ESARC owns the backend. That means the agent orchestration, the recipe ingest pipeline, the calorie math, and the API the app talks to.

Meta (Superintelligence Labs)

Applied AI engineering, agent evaluation, tool-calling

Applied AI engineering inside Meta Superintelligence Labs

I joined Meta Superintelligence Labs as a contract AI software engineer through ESARC. My remit sits across tool-calling, MCP integration, and agent evaluation workflows for next-gen conversational AI.

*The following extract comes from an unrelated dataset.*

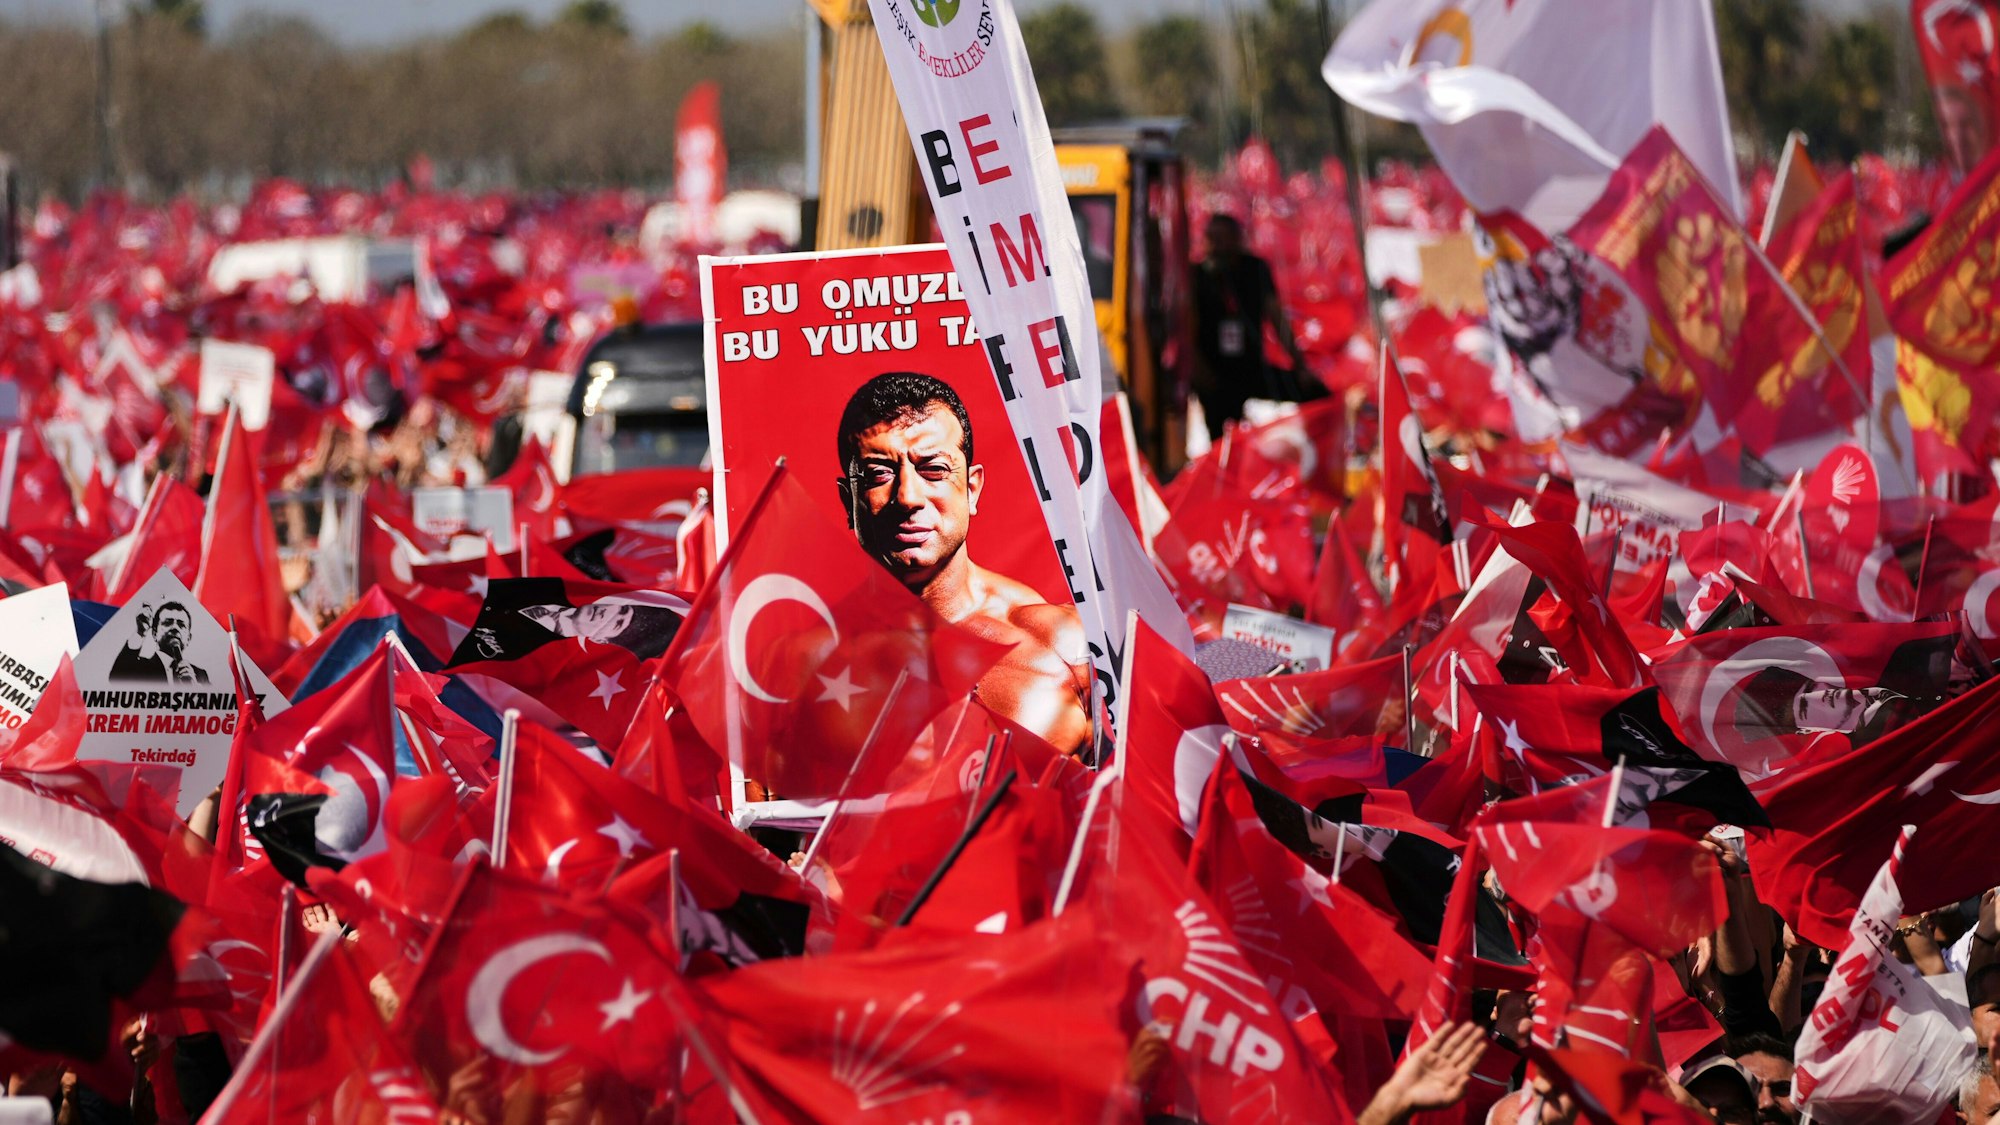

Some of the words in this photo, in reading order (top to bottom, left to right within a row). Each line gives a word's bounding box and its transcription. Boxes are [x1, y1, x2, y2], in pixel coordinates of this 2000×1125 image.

A lot of this work is under NDA. What I can say is that it lives where research meets product, and the bar is "ship something other engineers will rely on next quarter."

ClearProp (own product)

Solo founder, full-stack, mobile

A pilot logbook I actually want to use

ClearProp is what I build when I build for myself. It is a digital pilot logbook for general aviation pilots, designed around the boring parts of the job: getting your hours in correctly, tracking currency, and producing the export your medical examiner or chief flight instructor actually wants.

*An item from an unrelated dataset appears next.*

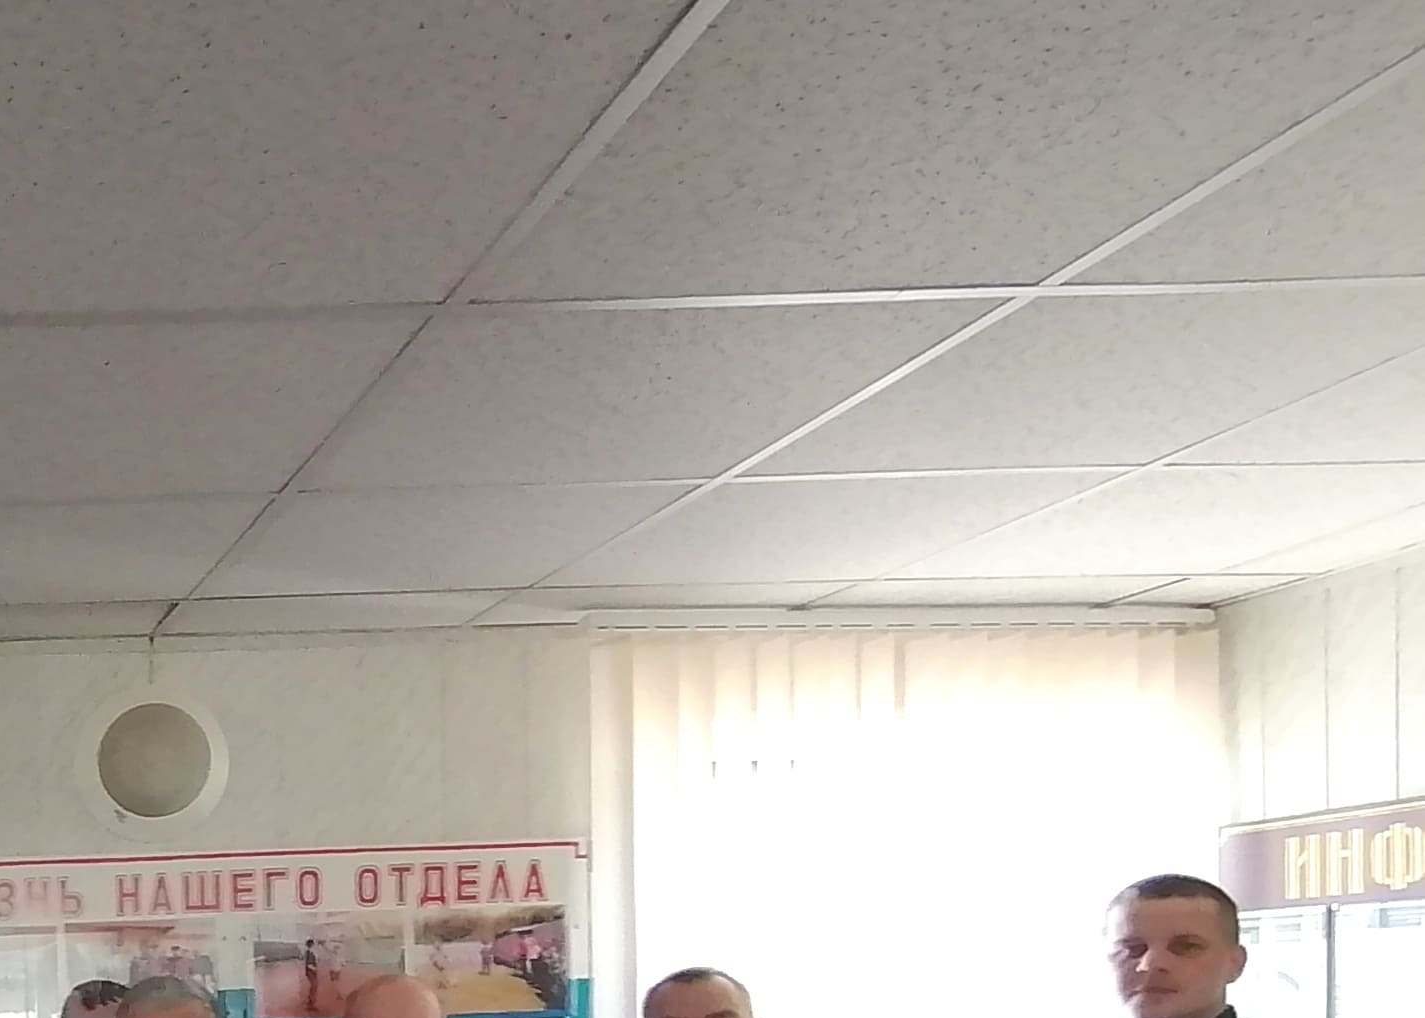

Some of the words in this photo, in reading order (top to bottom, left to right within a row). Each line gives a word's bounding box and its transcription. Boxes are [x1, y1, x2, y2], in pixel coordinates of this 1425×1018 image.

[115, 866, 321, 917] НАШЕГО
[355, 859, 549, 908] ОТДЕЛА
[1284, 822, 1425, 900] ИНФ

It's a side project today and a product I plan to commercialize. It also doubles as ESARC's internal proving ground for new patterns before they show up on client work.

Stuf Storage (Sidney AI)

Voice AI, NestJS/Prisma backend, LLM dialogue management

Sidney Voice AI: the storage industry's most extroverted intern

I led the design and launch of Sidney Voice AI at Stuf Storage as the Lead AI Software Engineer. Sidney is a voice agent that handles inbound calls, books tours, and triages questions for storage operations that were drowning in repetitive phone work.

The public moment was ISS Vegas, the industry's biggest trade show, where Sidney generated 150+ qualified leads from a single booth demo over a few days.

McGraw Hill

AI engineering consulting

AI engineering consulting for an education publisher

McGraw Hill is one of the named clients from ESARC's consulting era, alongside NextDay AI and Just a Drink. I was engaged as a senior AI engineer on content and learning-system problems where LLMs were starting to look useful and the publisher needed someone who had shipped them before.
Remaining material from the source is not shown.